翻訳|nationality
国家の構成員であることを示す資格。
国籍をいかなる者に与えるかは各国の主権に深く関係する問題であって、国内管轄事項とされる。したがって、各国は、国家形成の歴史を背景としつつ、人口政策、移民政策、同化政策などの観点から、それぞれの国籍法を制定している。各国の国籍法を比較すると、出生による国籍取得に関して、血統主義と(出)生地主義のいずれを原則とするかによって大きく分けることができる。血統主義とは、旧大陸の諸国で採用されているものであり、親がその国の国民である場合には子もその国の国民とするという原則である。日本も血統主義を採用している。これに対して、生地主義とは、新大陸の諸国で採用されているものであり、その領域内で生まれた子はすべてその国の国民とするという原則である。新大陸諸国(南北アメリカ大陸)は、移民の受入国として国家が形成されていったため、血統主義によったのでは、帰化しない限り移民の子孫は外国国籍のままになってしまうので、少なくとも2世以下の世代については自国で生まれたという事実によって自国民となるという生地主義が採用されている。ただ、いずれの立法原則も例外を認めている。すなわち、血統主義をとる国でも、親が知れない子は自国領域内で生まれたことによって自国国籍を与え、生地主義をとる国でも、自国民が外国で産んだ子に対しても一定の要件のもとに自国国籍を与えている。ただ、例外的な状況下では、生地主義国の国民の子であって、血統主義国で生まれた子が無国籍になってしまう場合もなくはない。

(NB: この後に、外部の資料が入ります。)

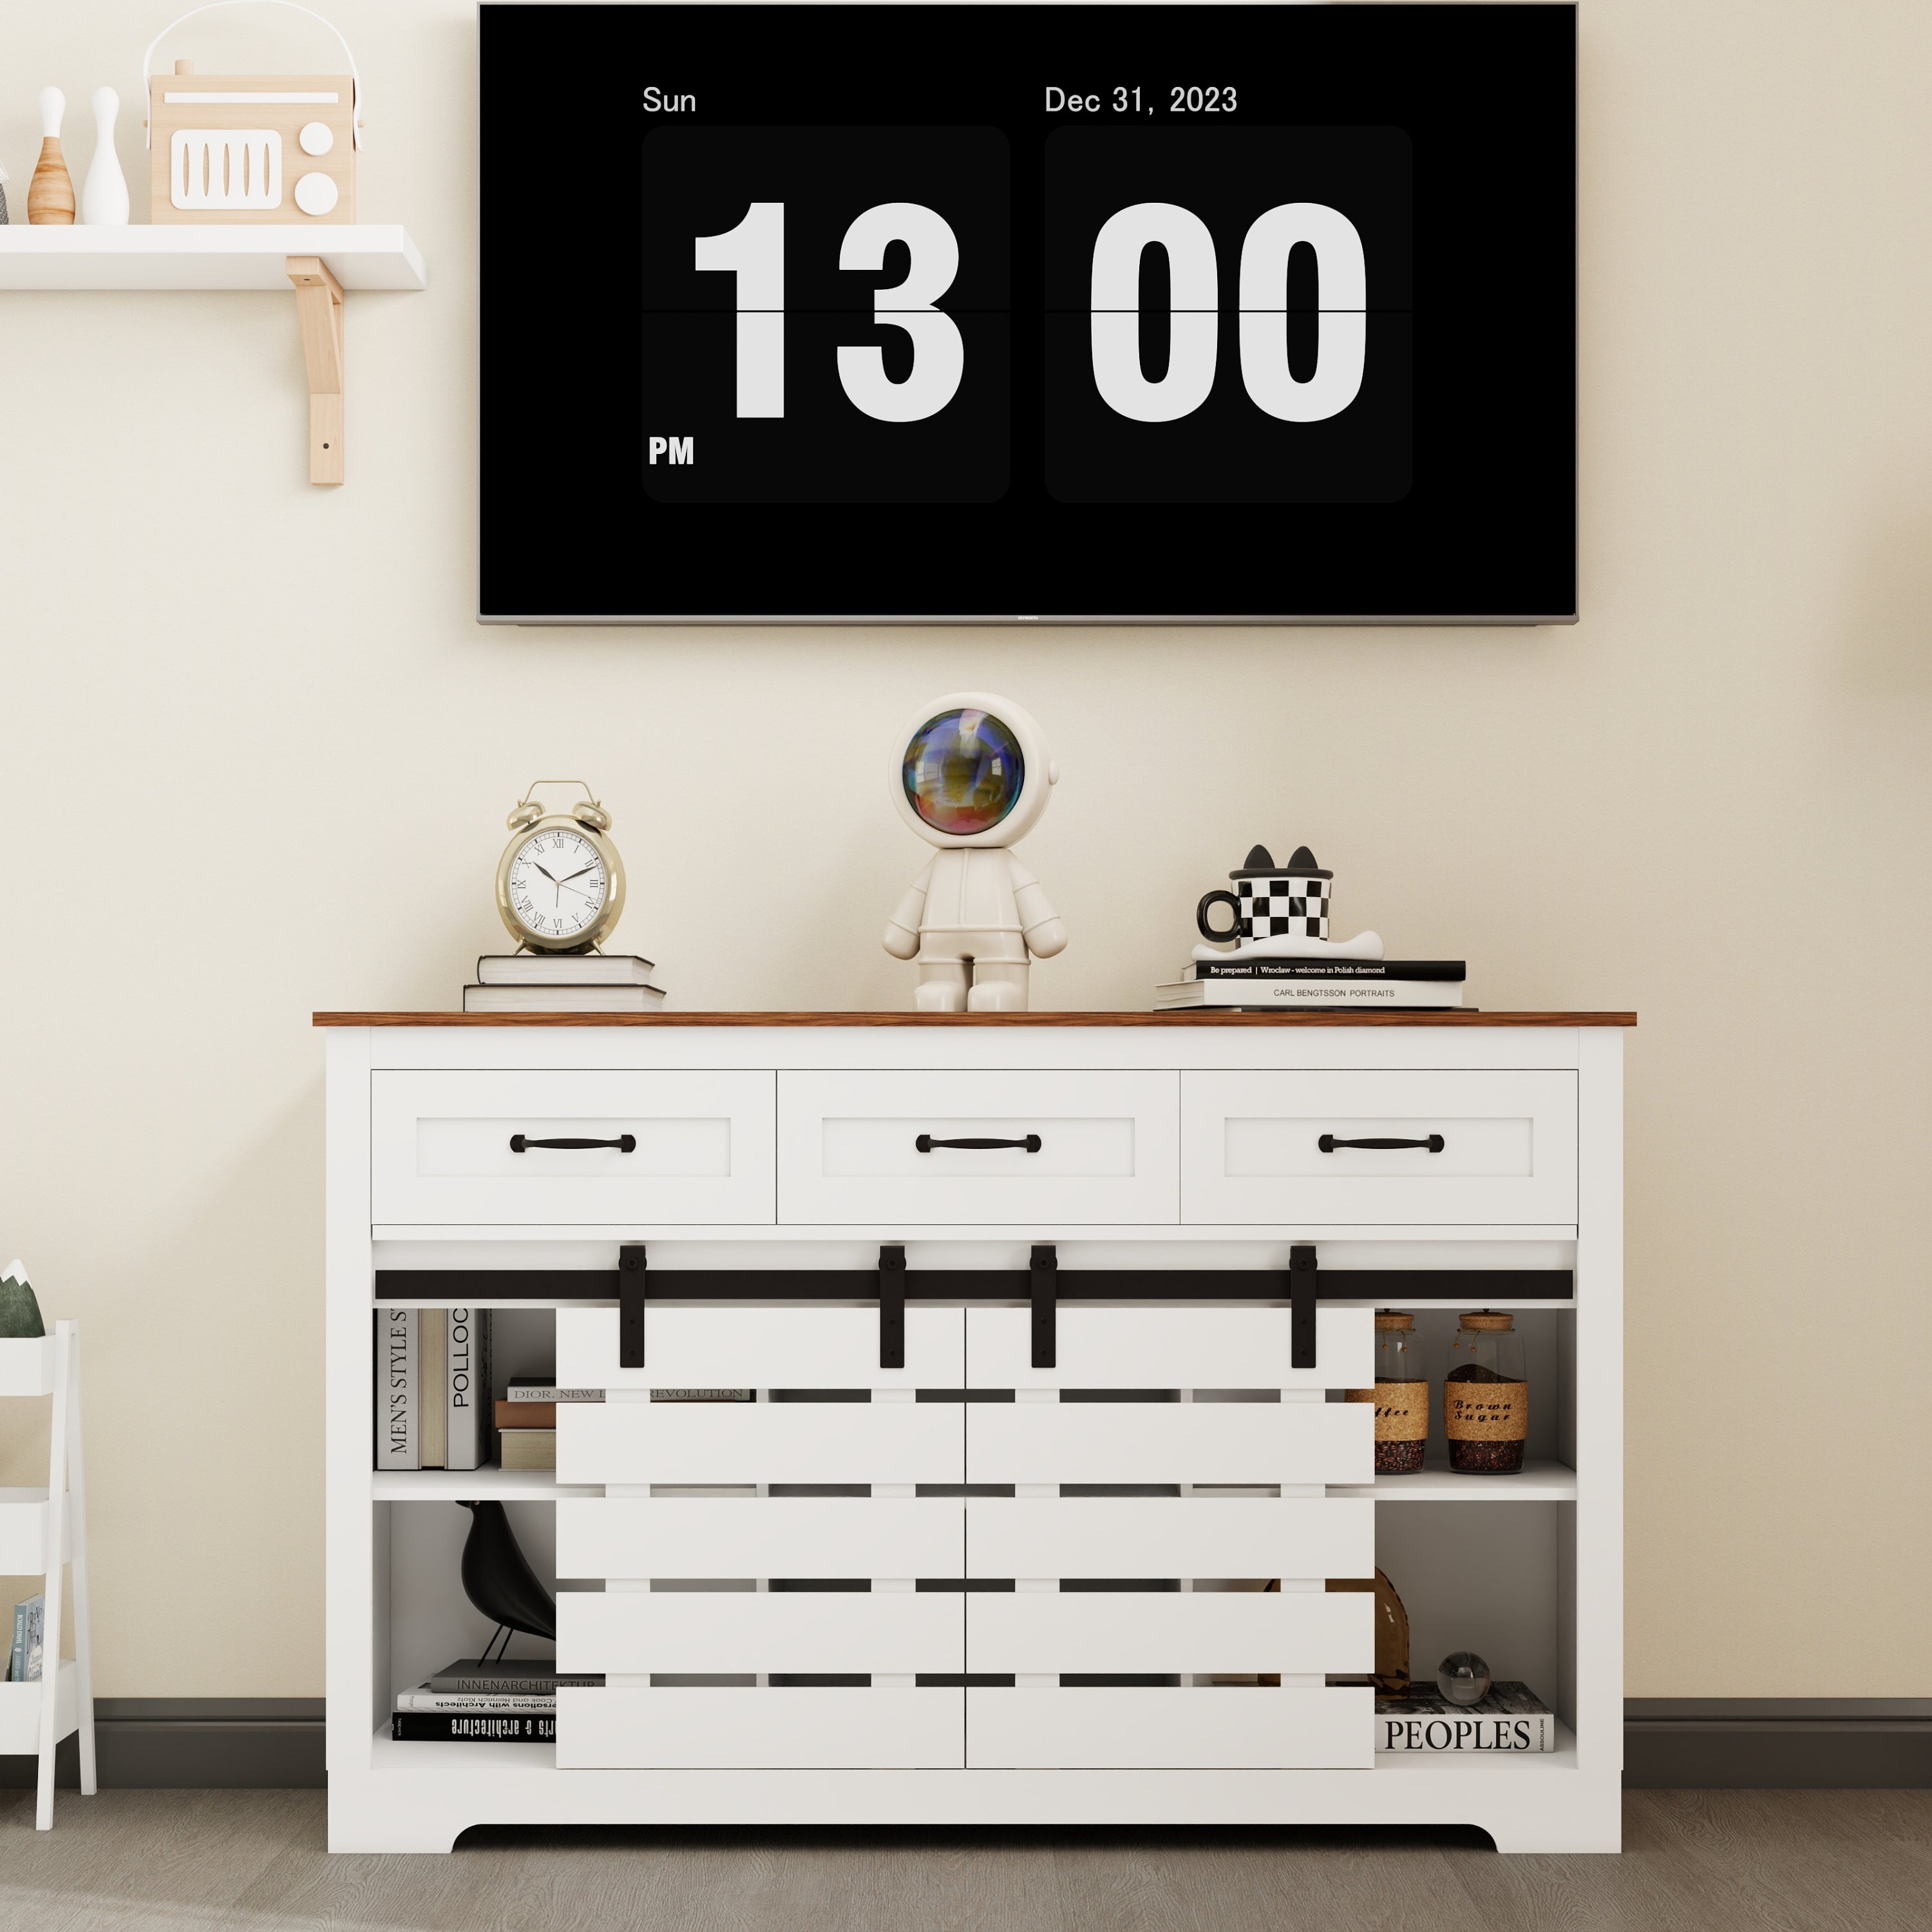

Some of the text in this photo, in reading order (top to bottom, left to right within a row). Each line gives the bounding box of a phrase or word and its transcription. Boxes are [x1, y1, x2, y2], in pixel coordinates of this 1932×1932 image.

なお、血統主義には、父系優先血統主義と父母両系血統主義とがある。父系優先血統主義とは、父が自国民である場合に子を自国民とするものであり、父母両系血統主義とは、父または母のいずれかが自国民であれば、子を自国民とするものである。かつては父が家族の中心であるという観念が強く、また、社会実体としても父を中心とする家族生活が営まれている例が多かったことを反映して、多くの国が父系優先血統主義を採用していた。しかし、家族関係が多様化し、また、男女平等の観念が強くなったため、まずヨーロッパ各国で父系優先から父母両系への国籍法改正が次々と行われ、日本でも、「女子に対するあらゆる形態の差別の撤廃に関する条約」(女性差別撤廃条約、昭和60年条約第7号)の批准に伴い、この条約の第9条2項の「締約国は、子の国籍に関し、女子に対して男子と平等の権利を与える」との規定を実施すべく、1984年(昭和59)に国籍法が改正され(1985年施行)、父母両系血統主義に移行した。そして、その結果として多発することになる重国籍者について、国籍選択制度を導入した。
[道垣内正人 2022年4月19日]
国籍法については、いくつかの基本原則がある。
まず、「国籍唯一の原則」(「国籍単一の原則」ともいう)とは、すべての個人がかならず1個の国籍を有し、かつ2個以上の国籍を有することがないようにするという原則である。無国籍の発生の防止については、「世界人権宣言」第15条1項および「市民的及び政治的権利に関する国際規約」(国際人権規約B)第24条3項で、国籍を保有することが人権の一内容をなすものとされている。また、重国籍の防止についてもいくつかの条約が作成されているが、その締約国は少ない。このうち、重国籍をめぐっては、かつては国籍を有する複数の国の間で戦争が発生した場合に国家に対する忠誠義務が問題となるといった観点で議論されていたことであるが、現在では、重国籍であることは個人にとって格別の害はないので、これを放置してもかまわないのではないかとの主張もある。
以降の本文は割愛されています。